With the pictures removed, write out the data below exactly.

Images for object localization

----------------

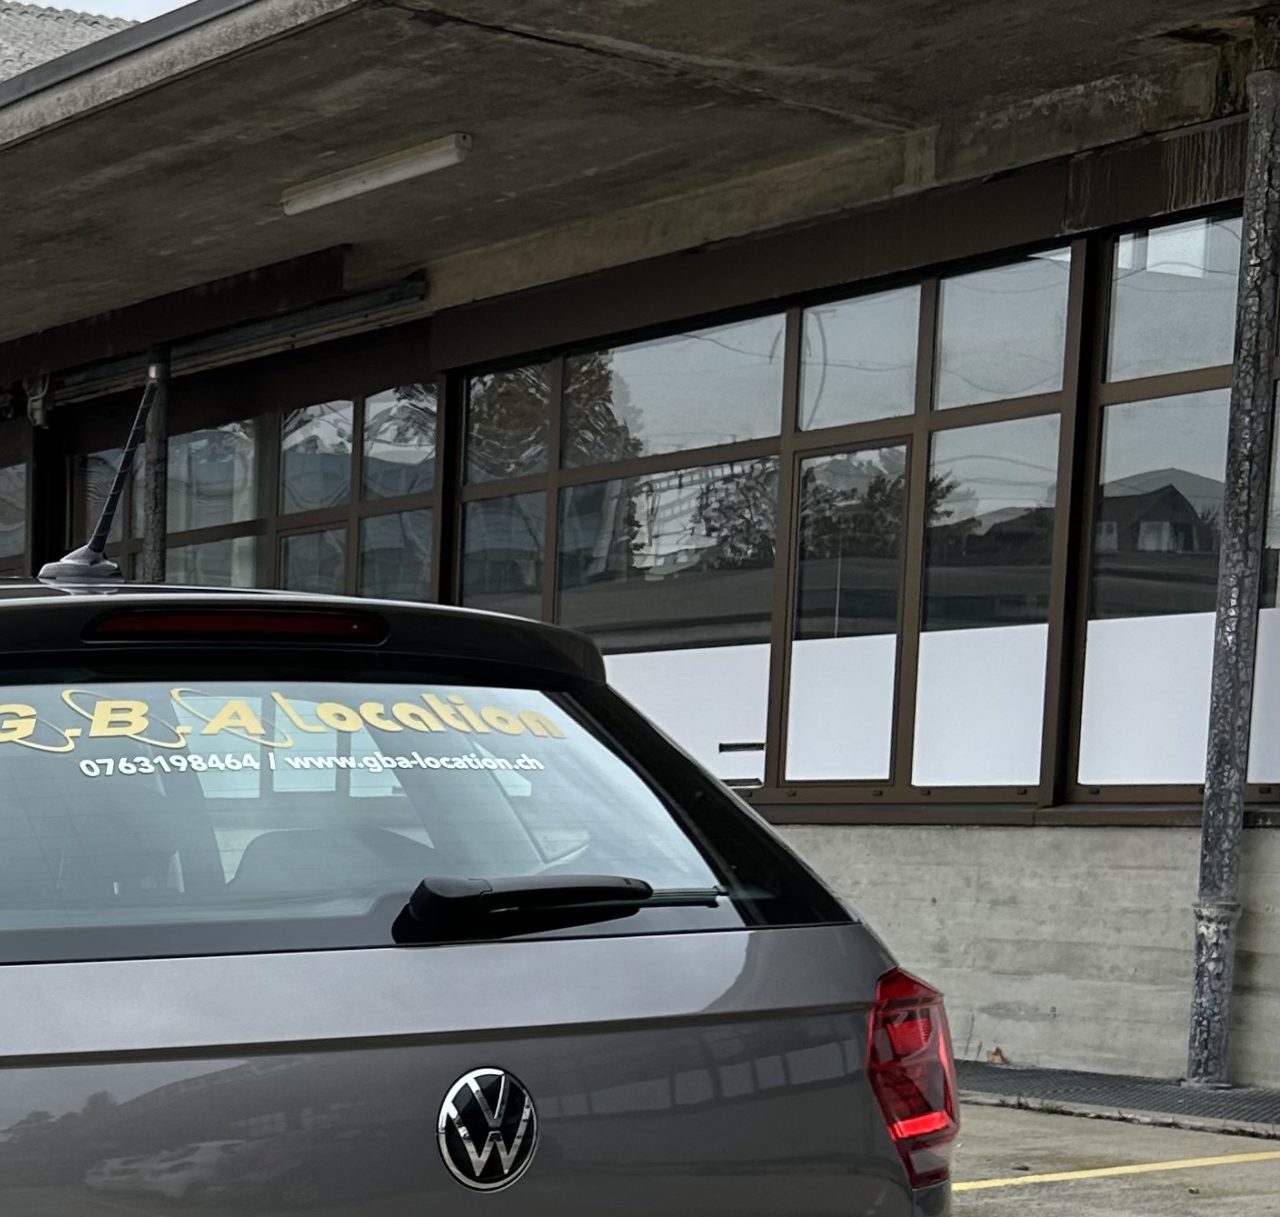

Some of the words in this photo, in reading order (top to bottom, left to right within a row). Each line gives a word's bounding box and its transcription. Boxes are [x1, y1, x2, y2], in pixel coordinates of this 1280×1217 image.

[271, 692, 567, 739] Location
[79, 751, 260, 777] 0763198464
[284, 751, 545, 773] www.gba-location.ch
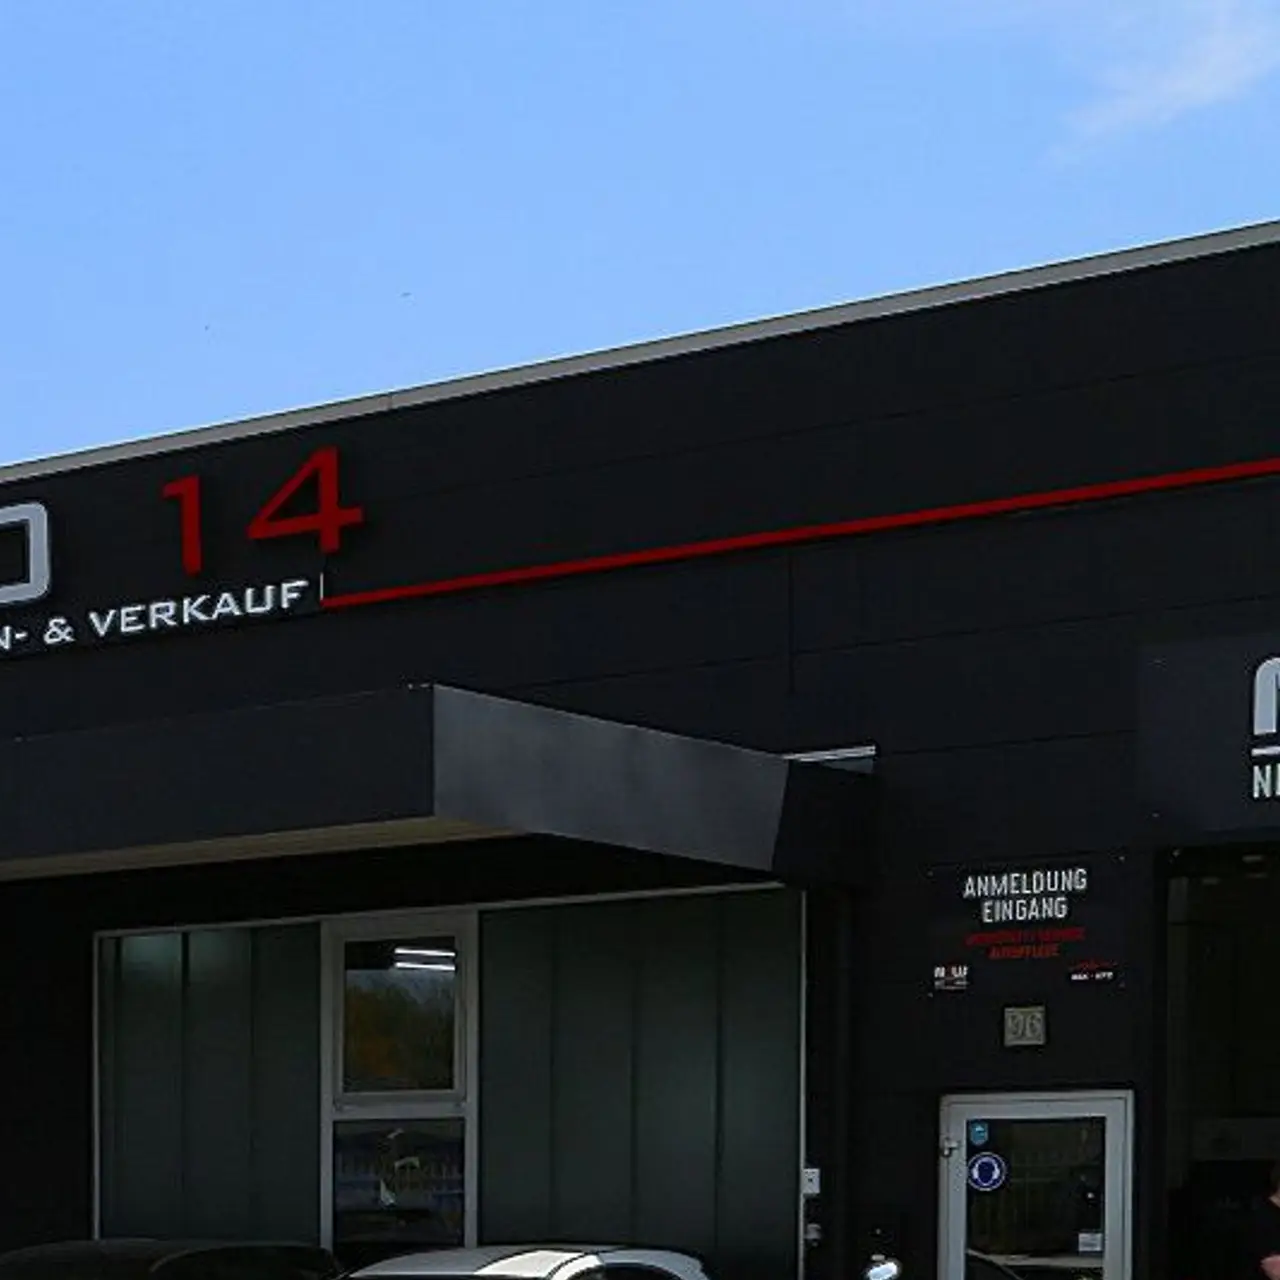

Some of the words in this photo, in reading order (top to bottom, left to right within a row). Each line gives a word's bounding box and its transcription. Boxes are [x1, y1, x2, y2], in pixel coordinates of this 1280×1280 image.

----------------

◆ **Completed task**
Some of the words in this photo, in reading order (top to bottom, left to right within a row). Each line gives a word's bounding box and its transcription. Boxes are [x1, y1, x2, y2], in pixel coordinates of this 1280×1217 image.

[271, 692, 567, 739] Location
[79, 751, 260, 777] 0763198464
[284, 751, 545, 773] www.gba-location.ch

Some of the words in this photo, in reading order (top to bottom, left to right within a row). Each line gives a word's bounding box and its transcription. Boxes are [x1, y1, x2, y2], in pixel coordinates of this 1280×1280 image.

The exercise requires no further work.